= Henry Whitaker (MP for Shaftesbury) =

English lawyer and politician

Henry Whitaker (c. 1622 – 6 April 1695) was an English lawyer and politician who sat in the House of Commons between 1659 and 1679.

Whitaker was the son of William Whitaker of Shaftesbury and his wife Honor Hooper, daughter of Thomas Hooper of Boveridge. He was admitted at Middle Temple in 1636 and was a student of Gloucester Hall, Oxford in 1637. He was called to the bar in 1645. He succeeded his father in 1646 and purchased an estate at Motcombe, near Shaftesbury, in 1648. He bought further property in the area over the years. From 1653 to 1684 he was Recorder of Shaftesbury. He was commissioner for assessment for Dorset 1657.

In 1659, Whitaker was elected Member of Parliament for Shaftesbury in the Third Protectorate Parliament.
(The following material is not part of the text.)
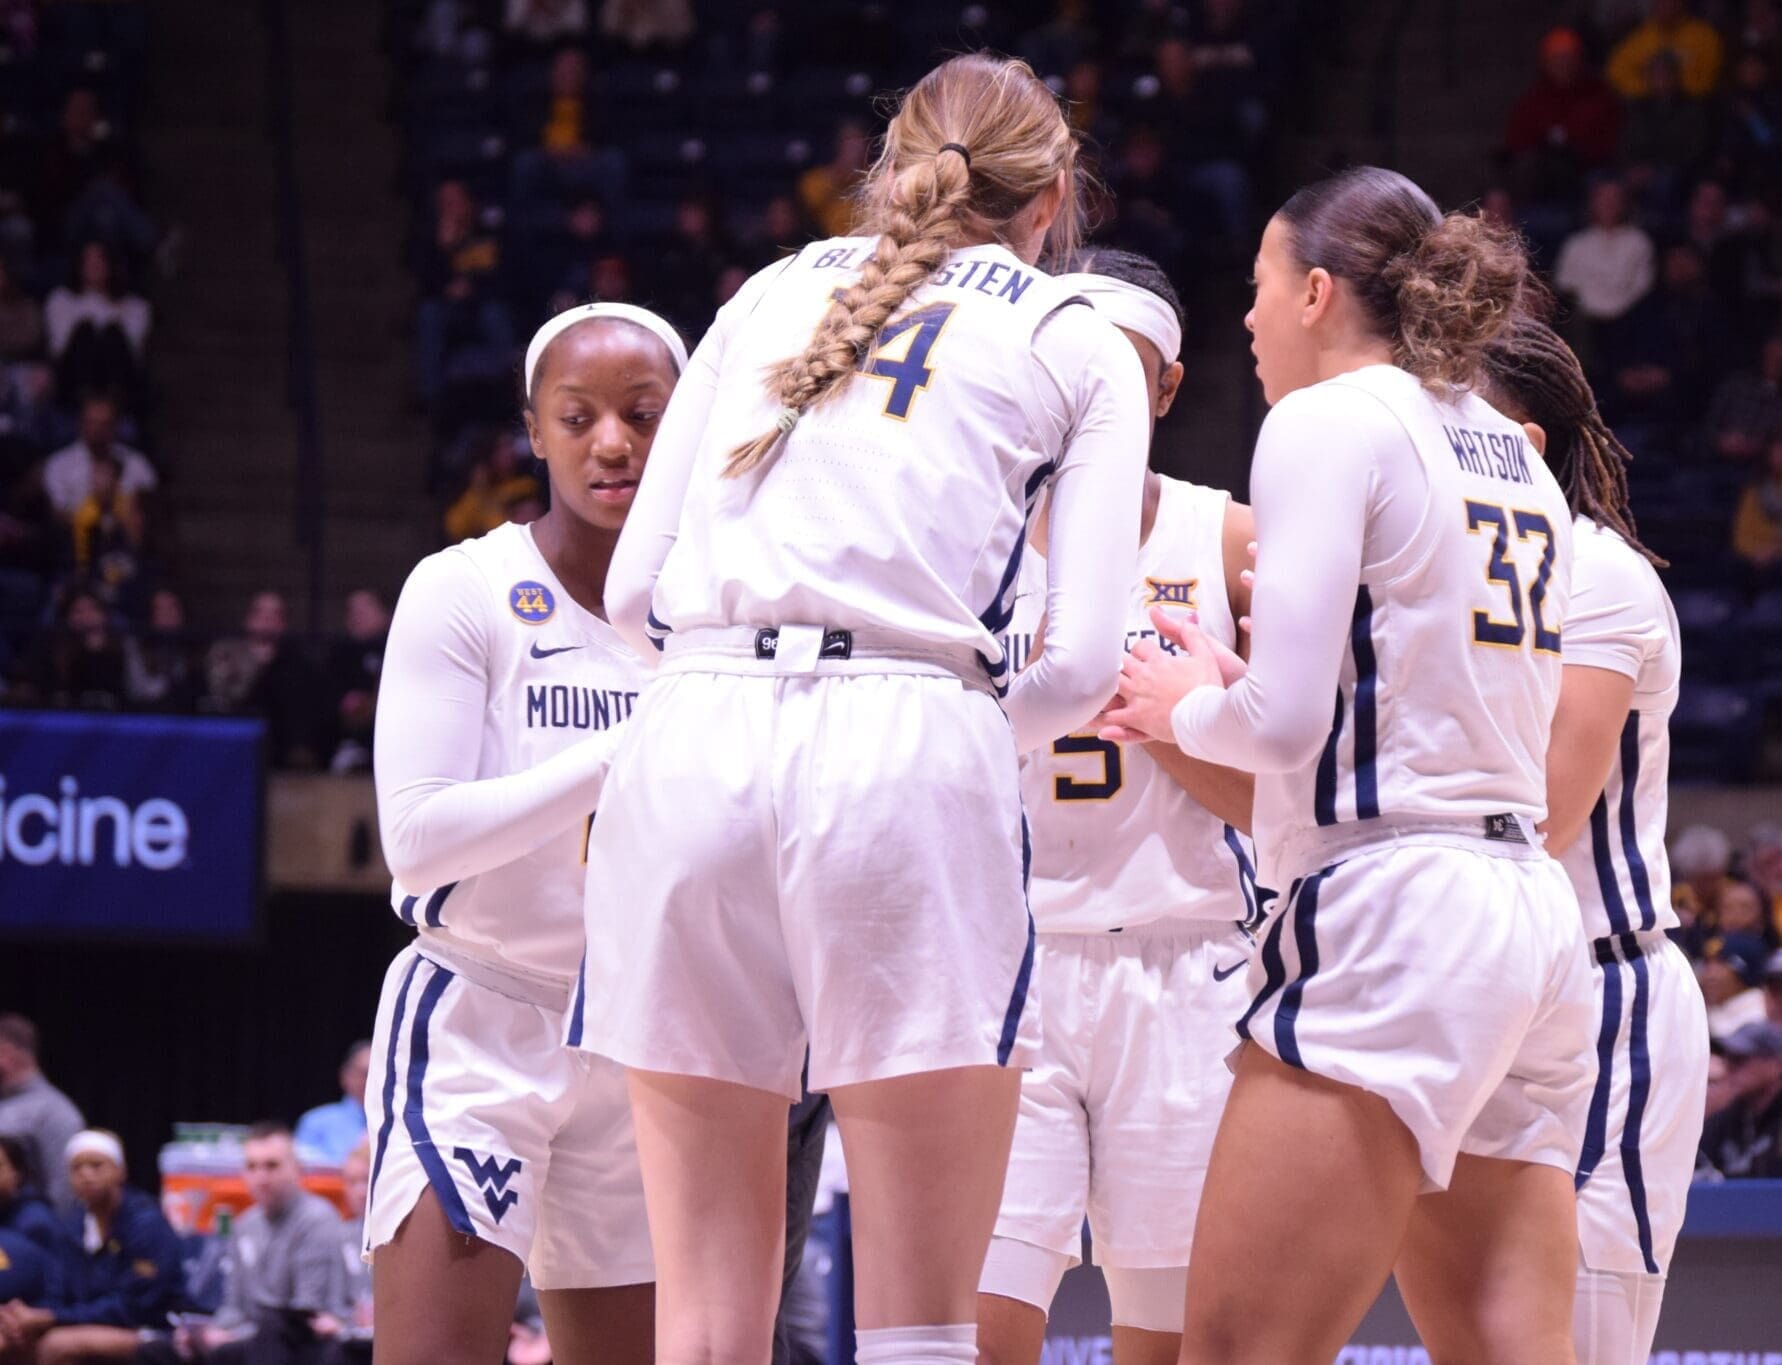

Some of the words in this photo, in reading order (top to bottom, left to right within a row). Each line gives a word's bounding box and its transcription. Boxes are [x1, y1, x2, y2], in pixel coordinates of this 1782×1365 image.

He was commissioner for assessment for Dorset from January 1660 to 1680 and J.P. from March 1660 to 1683. In 1661, he was elected MP for Shaftesbury in the Cavalier Parliament. He was commissioner for corporations for Dorset from 1662 to 1663 and commissioner for the foreshore in 1662. In 1662, he became a freeman of Lyme Regis. He was commissioner for recusants for Dorset in 1675. In 1679, he was re-elected MP for Shaftesbury in the First Exclusion Parliament.

Whitaker died at the age of about 72 and was buried at Motcombe.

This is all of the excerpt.